In my previous interview experience, in addition to being often asked about HTTP related knowledge, I was also asked about the difference between HTTP and RPC. In addition, I often deal with some DSF applications of the company in my work, and then I think of Dubbo, so the keywords to be combed today are: HTTP, RPC, DSF, dubbo.
HTTP and RPC
First of all, the question of how HTTP differs from RPC is a bit of a loose end, since the two are not on the same level.
HTTP
Is this familiar to you? I am afraid that the most common HTTP protocol interface.
Yes, HTTP is a protocol.
Other here is not going to spread out, before sorting out some content, there is a need to jump to look at:
- HTTP introduction, TCP/IP protocol family
- Two, IP, TCP and DNS, three handshake
- Three, HTTP protocol basis, four wave
- Four, HTTP disadvantages
- Introduction to encryption and certificates in HTTPS, and the reason why HTTPS is not always used
RPC
RPC is a synonym for remote procedure call.
The remote? Is there a local procedure call as well?
That’s right. Here’s an example:
- Local procedure call: when A service A is started on your computer, the various methods in service A are called to each other when the program is run.
- Remote procedure call: and next door xiao Wang also started a service B, he also said that he provided a very powerful function of the method, you also want to call, this is remote.
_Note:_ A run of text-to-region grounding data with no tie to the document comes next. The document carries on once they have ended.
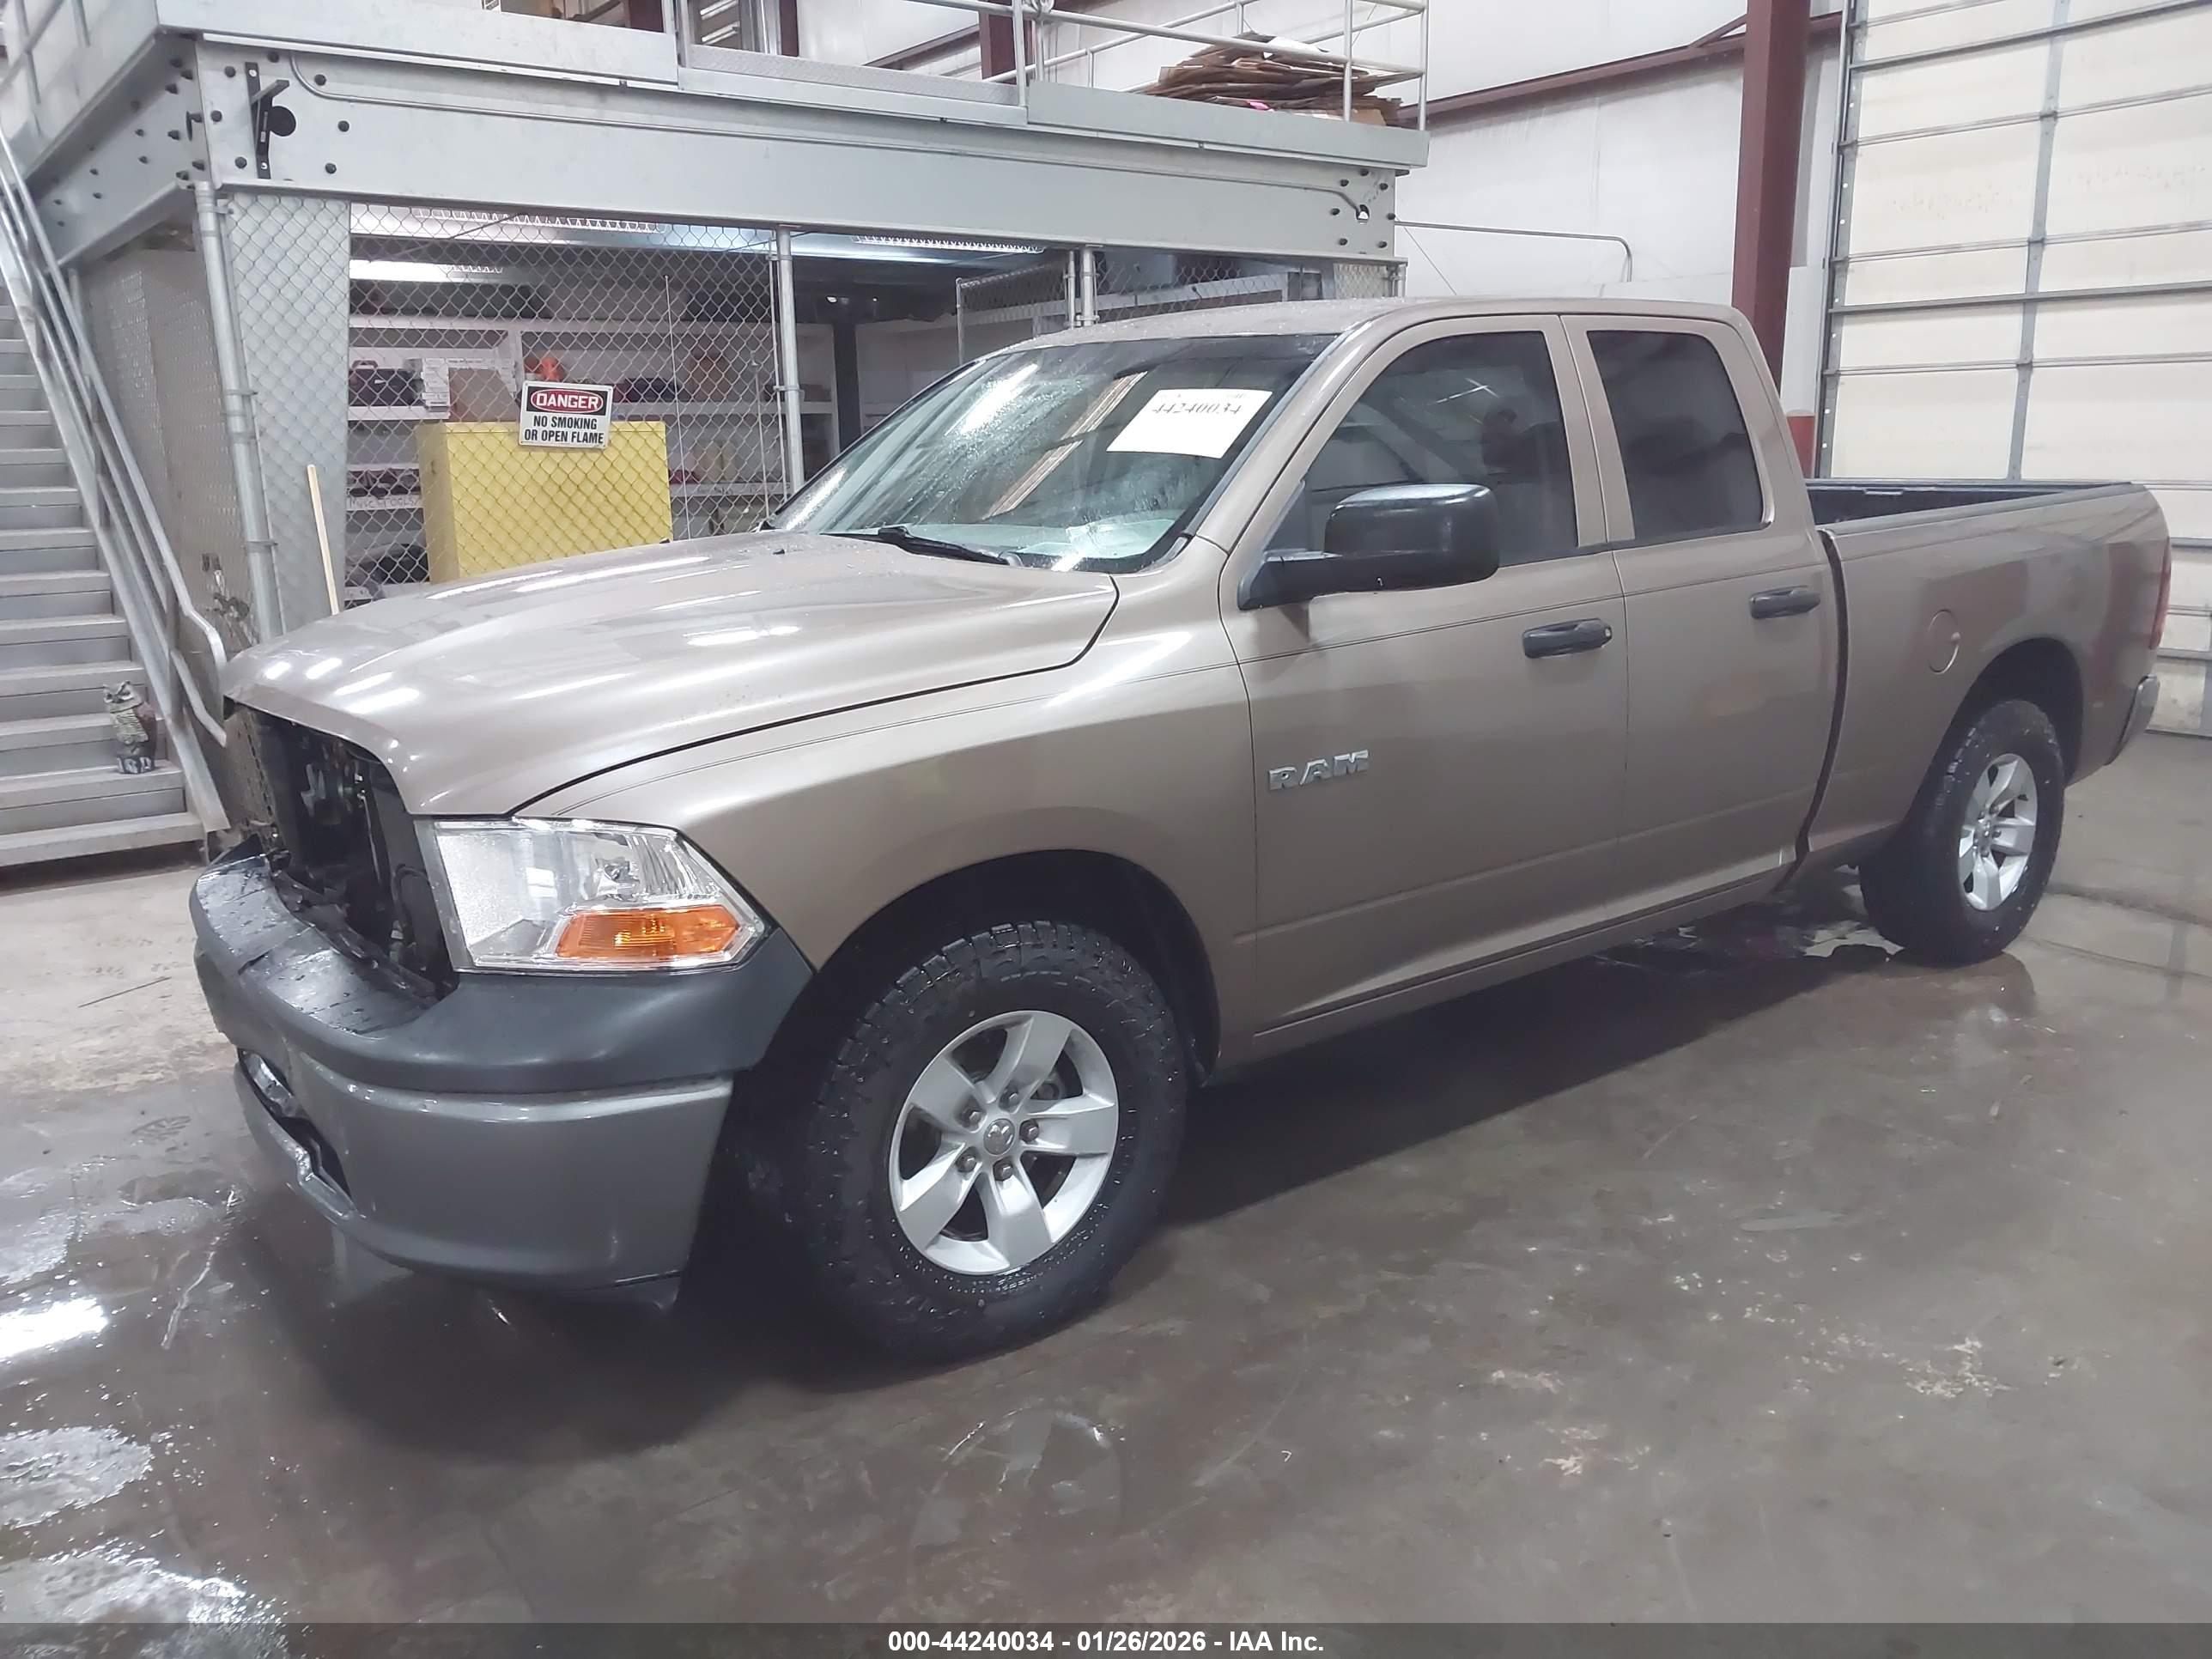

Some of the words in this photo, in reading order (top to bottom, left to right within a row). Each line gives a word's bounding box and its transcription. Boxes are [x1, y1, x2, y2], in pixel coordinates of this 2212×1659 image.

[536, 392, 599, 410] DANGER
[533, 415, 548, 428] NO
[551, 416, 598, 430] SMOKING
[524, 428, 538, 441] OR
[542, 429, 568, 443] OPEN
[571, 431, 604, 444] FLAME
[1268, 749, 1370, 791] RAM
And as for how you call the method in xiao Wang’s server, that is an implementation of the problem. You can just go HTTP for simplicity. If HTTP does not meet the requirements, you can also customize a protocol based on TCP.
Remote call procedure
The remote call process should look something like this:
Second, the DSF
In my work, I found that the company has many applications whose names start with DSF. DSF (Distributed Service Framework) actually refers to Distributed Service Framework.
Two brief points: why use the distributed, DSF package.
Why distribute
Why use distributed services? Another way to ask this question is: what problem does distribution solve?
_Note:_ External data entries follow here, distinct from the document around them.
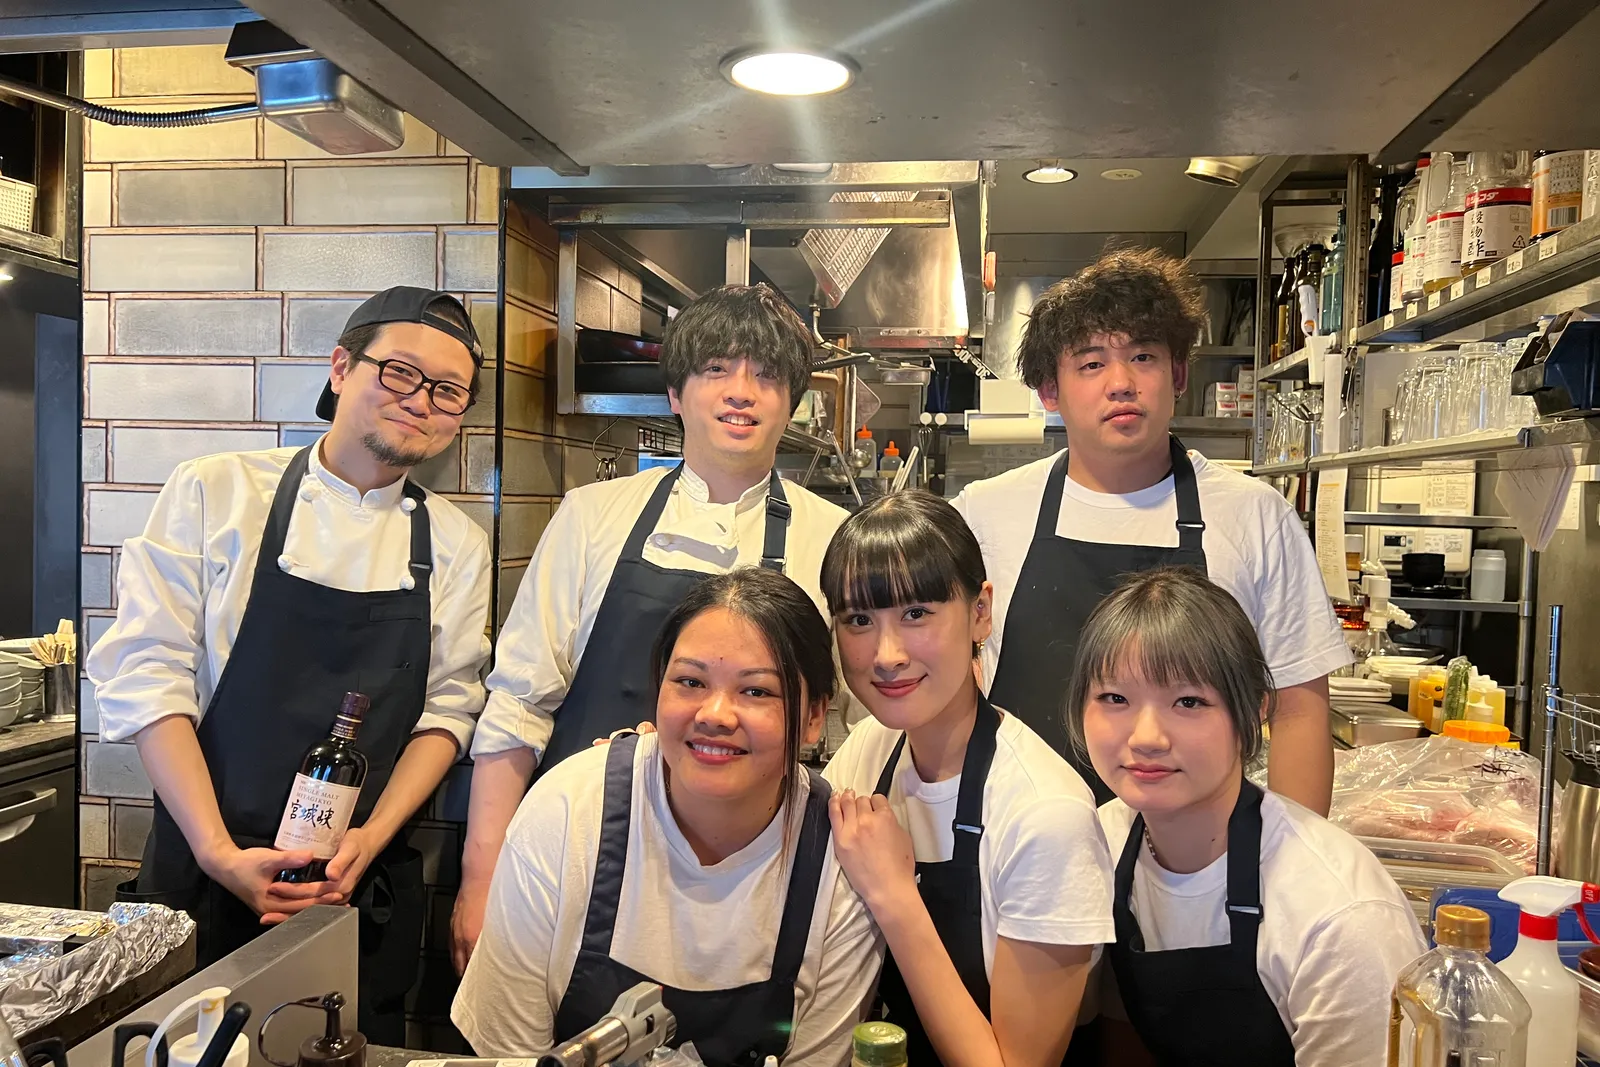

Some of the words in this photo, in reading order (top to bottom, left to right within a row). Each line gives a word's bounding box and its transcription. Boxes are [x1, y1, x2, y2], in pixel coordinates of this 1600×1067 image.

[299, 785, 320, 796] SINGLE
[321, 791, 340, 801] MALT
[290, 799, 335, 830] 宮城峡
[1585, 890, 1594, 902] OFF
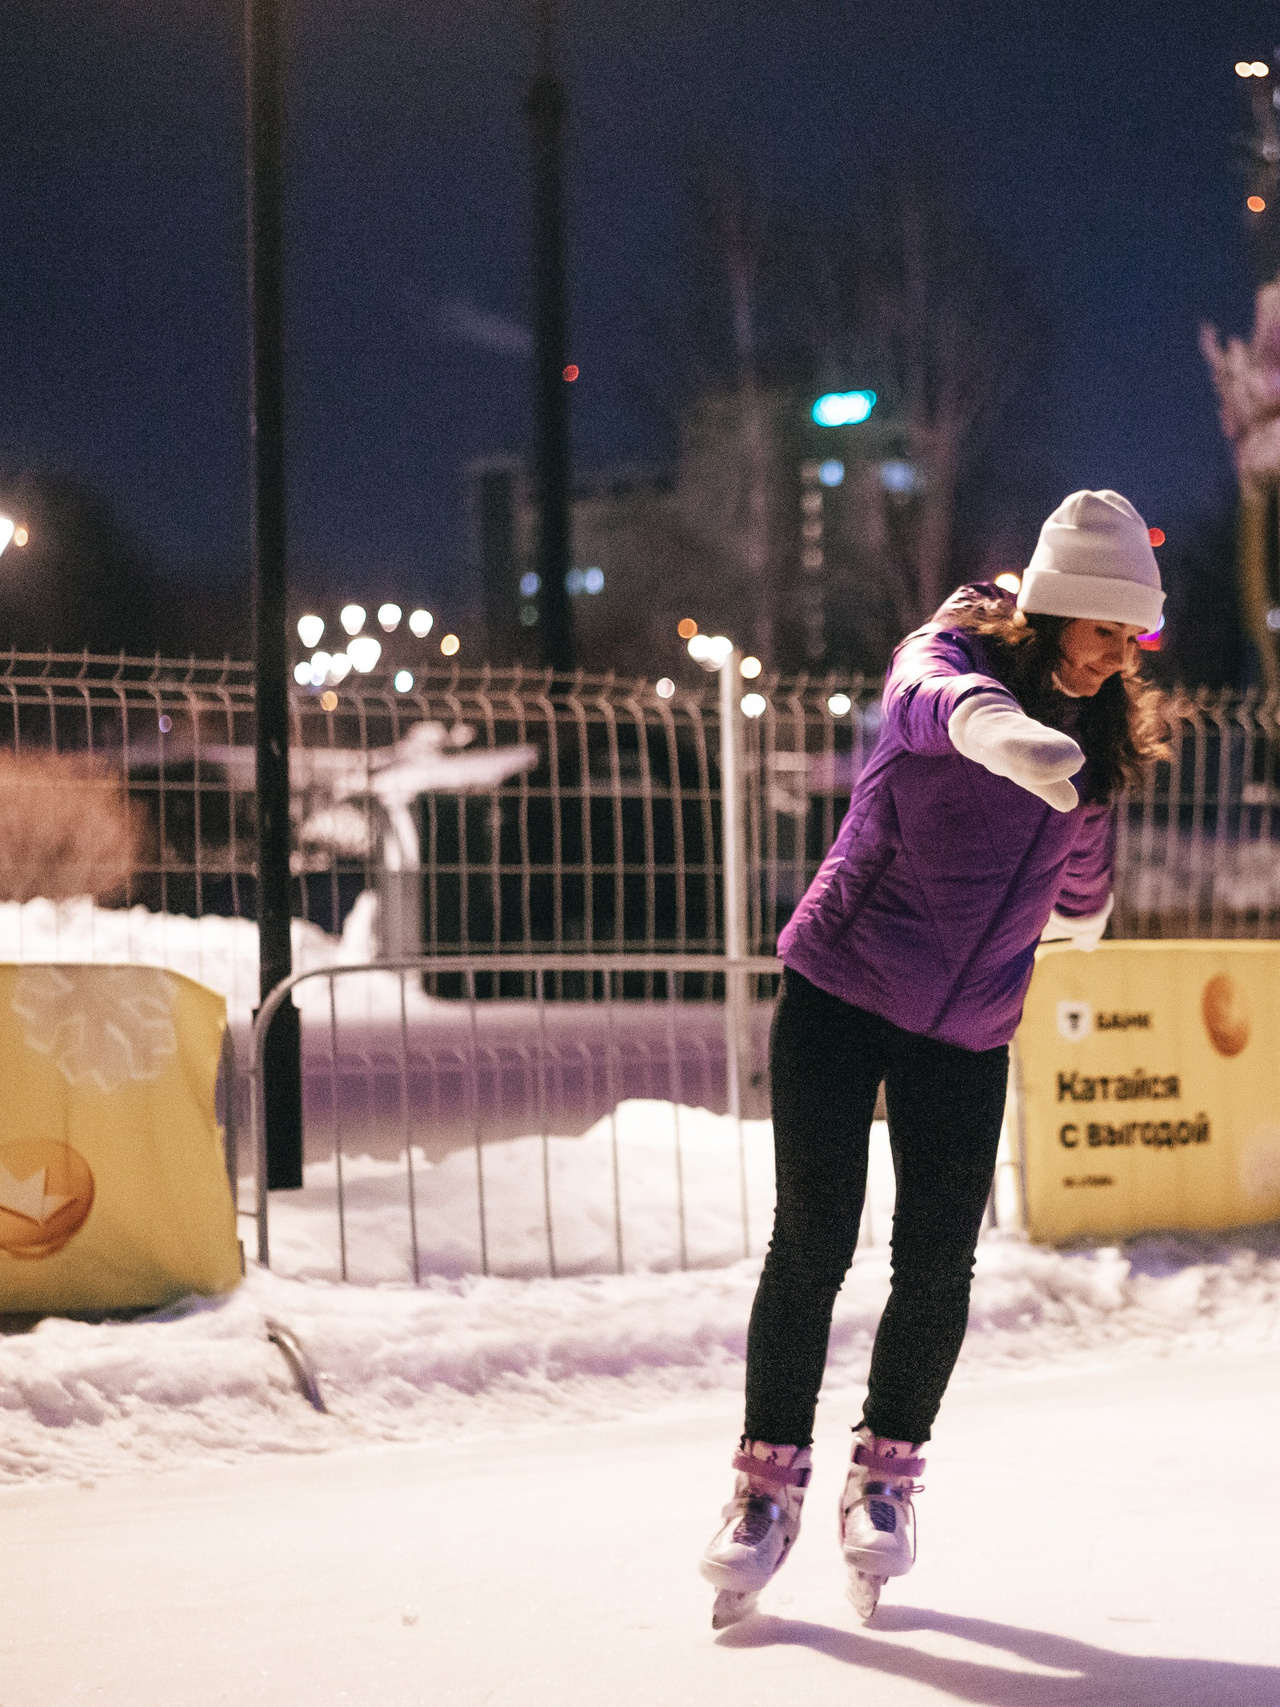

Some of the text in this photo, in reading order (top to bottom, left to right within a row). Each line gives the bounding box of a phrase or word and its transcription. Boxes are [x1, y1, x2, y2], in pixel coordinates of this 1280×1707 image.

[1057, 1068, 1180, 1102] Катайся
[1060, 1112, 1210, 1151] с выгодой
First of all, distributed architecture evolved from single architecture, and our business system is no exception. In the early stage of a business, in order to reduce the development cost and achieve rapid launch, a single architecture is usually used, and all business modules are in the same application.
As the scale of the business expands, the disadvantages of individual applications are exposed, such as:
- System coupling is high. When more and more functions are added later and the amount of code increases greatly, the module boundary demarcated in the mind of a main program may become more and more fuzzy, leading to confusion in the call relationship.
- There are more and more changes in one to give two, often there is a change in the development of a feature, and lead to problems with other features.
- If one function fails, the whole thing rolls back.
- Single language, can not choose a more appropriate language according to the scene. For example, there is a module system focused on big data analysis, which is more appropriate in Python because it has a rich class library.
- The system is not easy to expand deployment, for example, there is a function in the system traffic is heavy, can not withstand the machine, then deploy the whole application on the new machine, can not independently deploy the heavy traffic service, will cause a certain waste of resources.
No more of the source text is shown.